GIGI, par Laurette Huan

S'inspirant d'une photo, imaginer une fin puis dérouler l'histoire qui y a mené.  La photo est de Sergio Larrain.

Sergio Larrain, Grand rue de Corleone, 1959

Si on la regarde avec nos yeux du vingt et unième siècle, bien sûr, c’est une rue triste, bancale, grise, pauvre et sale.

Mais cette rue-là c’était ma rue.

La maison du fond  c’était celle du cordonnier, aujourd’hui on y vend des smartphones, c’était un bonhomme qui n’avait pas d’âge, petite fille je pensais qu’il avait toujours été comme ça, ni méchant ni gentil, sans un mot, ni bonjour, ni bonsoir, il vivait seul, ni femme, ni enfant, j’en avais un peu peur, peur de l’inconnu, il ne levait la tête que pour fermer sa porte quand la nuit l’obligeait à cesser de taper, cogner, tirer l’aiguille ou graisser les godillots et sabots, si bien que l’on ne voyait que le dessus de sa casquette, ses bras noueux et les jambes de son pantalon de velours marron.

Nous, les enfants  nous l’avions surnommé Orso.

Après l’école, nous jouions au milieu de notre domaine , la rue. Il y passait quelques carrioles, des ânes , des mulets, des vaches, des chèvres et des moutons, et très rarement une voiture, celle-ci nous laissait médusés sur les trottoirs où nous avions sauté en catastrophe.

La vitesse de ce bolide, 40 à l’heure , vous imaginez notre frayeur, la pétarade du moteur, la poussière soulevée, l’odeur écœurante alimentaient les discussions pendant toute la soirée, dans les maisons.

 

Dans la masure collée à la première habitait une famille plus que pauvre. Avant ma naissance le père était parti en Belgique, dans les mines, laissant femme et enfants, six exactement. Au début, les mandats et les cartes postales arrivaient régulièrement, la femme s’empressait de raconter à qui voulait l’entendre , c’est à dire toutes les femmes, les nouvelles du mineur et la somme rondelette envoyée.

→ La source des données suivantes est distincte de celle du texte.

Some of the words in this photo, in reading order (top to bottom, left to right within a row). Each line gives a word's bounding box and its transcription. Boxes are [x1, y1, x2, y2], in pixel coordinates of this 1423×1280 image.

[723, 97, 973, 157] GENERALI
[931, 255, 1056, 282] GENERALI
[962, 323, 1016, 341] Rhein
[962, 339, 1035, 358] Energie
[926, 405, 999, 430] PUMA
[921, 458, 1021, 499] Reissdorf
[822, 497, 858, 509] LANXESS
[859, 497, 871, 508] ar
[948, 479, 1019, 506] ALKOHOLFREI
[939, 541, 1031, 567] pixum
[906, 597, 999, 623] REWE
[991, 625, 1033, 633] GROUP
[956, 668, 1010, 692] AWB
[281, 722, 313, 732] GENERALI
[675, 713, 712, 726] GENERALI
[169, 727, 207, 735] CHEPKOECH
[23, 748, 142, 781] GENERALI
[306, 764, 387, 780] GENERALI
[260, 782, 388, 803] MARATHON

Elle pérorait au milieu de la rue, montrant ses billets, commandait chaussures,  châle chatoyant, jupons et dentelles…mais toute chose a une fin, plus rien n’arriva ni l’argent, ni les cartes postales, ni le mari. Pour survivre, elle commença par vendre châles et jupons, puis une partie de sa maison, et se réfugia avec les plus petits dans une mansarde sous les toits. Les plus grands se louèrent dans les villages environnants, dans les fermes au moment des grands travaux.

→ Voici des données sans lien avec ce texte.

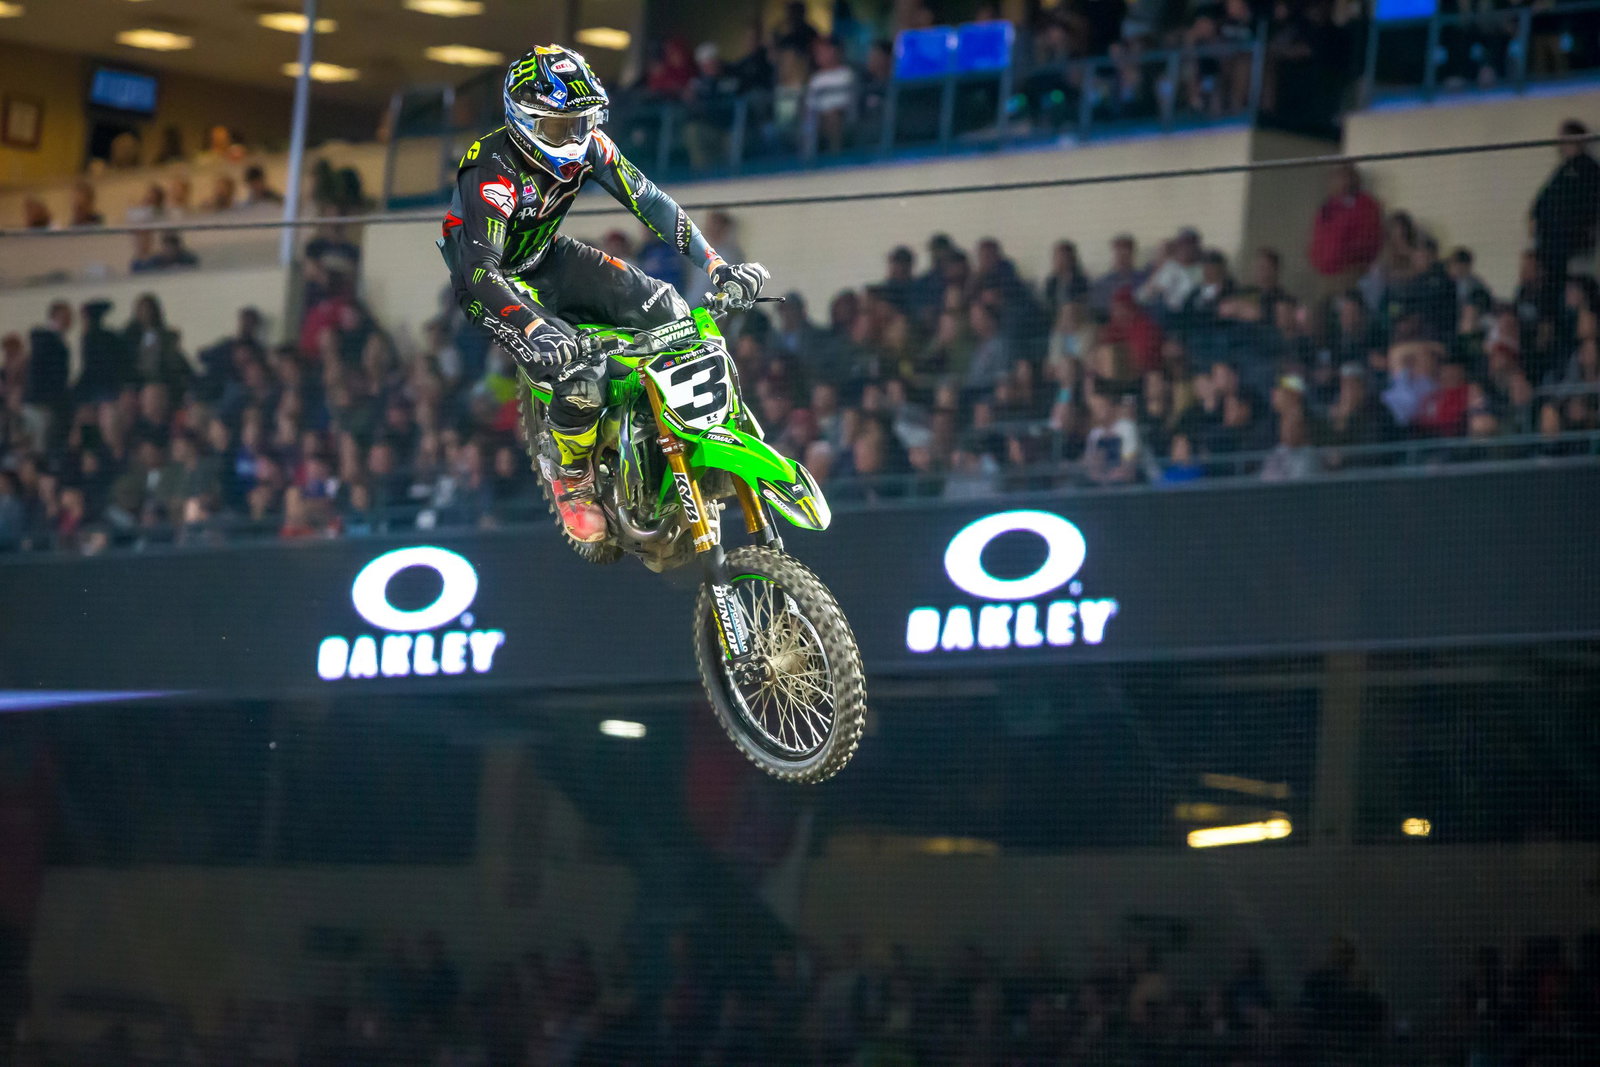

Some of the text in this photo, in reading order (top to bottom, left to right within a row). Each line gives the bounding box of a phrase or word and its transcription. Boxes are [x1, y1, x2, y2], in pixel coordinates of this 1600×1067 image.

[670, 354, 728, 422] 3
[706, 434, 735, 444] TOMAC
[712, 585, 740, 655] DUNLOP
[732, 608, 748, 653] CARRILLO
[906, 597, 1119, 653] OAKLEY
[317, 628, 506, 681] OAKLEY

Et justement, c’est un de ces enfants-là, qui fit basculer la vie tranquille et morne de notre rue.

Il s’appelait Gigi, diminutif de Luigi. Pour mes yeux de huit ans il était déjà adulte, quel âge avait-il en réalité, quinze, seize, dix-sept ans ?

C’était une jolie tête brune et bouclée sur un corps fil de fer, ses vêtements par grand vent flottaient autour de son corps comme un drapeau. Il ne portait jamais de chapeau et son visage s’irradiait d’un sourire éclatant. Il était de toutes les fêtes, faisaient blagues et pitreries qui enchantaient les spectateurs. Il s’essaya à la chansonnette, fut remarqué, et de chansons en chansons, sa voix chaude, vibrante passa à la TSF.

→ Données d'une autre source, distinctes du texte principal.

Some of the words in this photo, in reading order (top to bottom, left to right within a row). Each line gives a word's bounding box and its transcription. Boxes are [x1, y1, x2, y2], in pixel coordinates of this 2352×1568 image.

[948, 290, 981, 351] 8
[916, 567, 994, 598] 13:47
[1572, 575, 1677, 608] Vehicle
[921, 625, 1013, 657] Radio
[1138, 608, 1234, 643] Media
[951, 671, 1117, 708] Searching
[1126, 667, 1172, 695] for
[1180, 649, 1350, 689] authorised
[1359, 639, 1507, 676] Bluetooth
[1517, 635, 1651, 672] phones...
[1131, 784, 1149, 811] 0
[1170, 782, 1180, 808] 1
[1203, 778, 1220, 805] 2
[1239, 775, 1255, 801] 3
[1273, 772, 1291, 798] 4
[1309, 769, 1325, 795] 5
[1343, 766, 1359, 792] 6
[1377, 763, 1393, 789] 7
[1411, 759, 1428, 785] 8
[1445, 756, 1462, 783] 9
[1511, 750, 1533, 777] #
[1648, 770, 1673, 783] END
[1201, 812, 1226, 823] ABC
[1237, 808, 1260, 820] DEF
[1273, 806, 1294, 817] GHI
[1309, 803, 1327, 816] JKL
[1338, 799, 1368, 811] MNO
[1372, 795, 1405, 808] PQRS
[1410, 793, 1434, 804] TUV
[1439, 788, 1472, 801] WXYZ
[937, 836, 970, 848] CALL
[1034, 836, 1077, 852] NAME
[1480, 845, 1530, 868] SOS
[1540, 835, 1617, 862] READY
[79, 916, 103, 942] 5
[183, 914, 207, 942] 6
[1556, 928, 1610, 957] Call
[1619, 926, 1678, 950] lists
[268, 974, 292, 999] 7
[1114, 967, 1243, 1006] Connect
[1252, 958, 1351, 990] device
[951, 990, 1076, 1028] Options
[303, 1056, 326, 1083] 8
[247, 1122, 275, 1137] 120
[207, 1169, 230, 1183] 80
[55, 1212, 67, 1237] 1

J’entendis quelques rumeurs susurrées à voix basse par quelques langues acérées: ce Gigi n’est pas comme les autres de la famille, sûr qu’il n’est pas du même lit. Ce qui me laissait rêveuse et pleine de points d’interrogation, de quel lit parlait-on?

 

Tout d’abord, la maison fut rachetée, Gigi y réinstalla mère, frères et sœurs.

Les commérages allaient bon train…

Dans la troisième maison, vivait une femme peu recommandable disait-on à voix plus ou moins basse, moi je la trouvais bien jolie avec ses froufrous, ses joues roses et ses yeux noirs. Il nous était interdit de lui parler.

Gigi, maintenant, ne s’interdisait plus rien. Nous le vîmes souvent passer dans la rue, la "peu-recommandable" assise à ses côtés dans la carriole qui les menait Dieu sait où!

 

Deux des autres maisons de ma rue étaient la demeure des deux notables du village, le clerc de notaire qui travaillait à la ville, et le bedeau croque-mort qui s’occupait de l’église et du cimetière.

Et puis, et puis, dans le virage, celle avec les rideau :  c’était ma maison .

Ma mère parlait avec des mots couverts, de Gigi qui cherchait de qui il était vraiment le fils, car il  ne croyait plus qu’il était celui du mineur fugueur. Elle racontait qu’elle, elle en avait quelques idées ayant été très amie avec la mère de Gigi.

Et puis, un soir, je devais avoir huit ans, nous le vîmes arriver dans une voiture rouge, rutilante, vrombissante, il ne s’arrêta pas devant la maison familiale mais devant celle d’Orso.

 

Toute la rue était derrière son carreau de cuisine, c’était l’heure du souper. 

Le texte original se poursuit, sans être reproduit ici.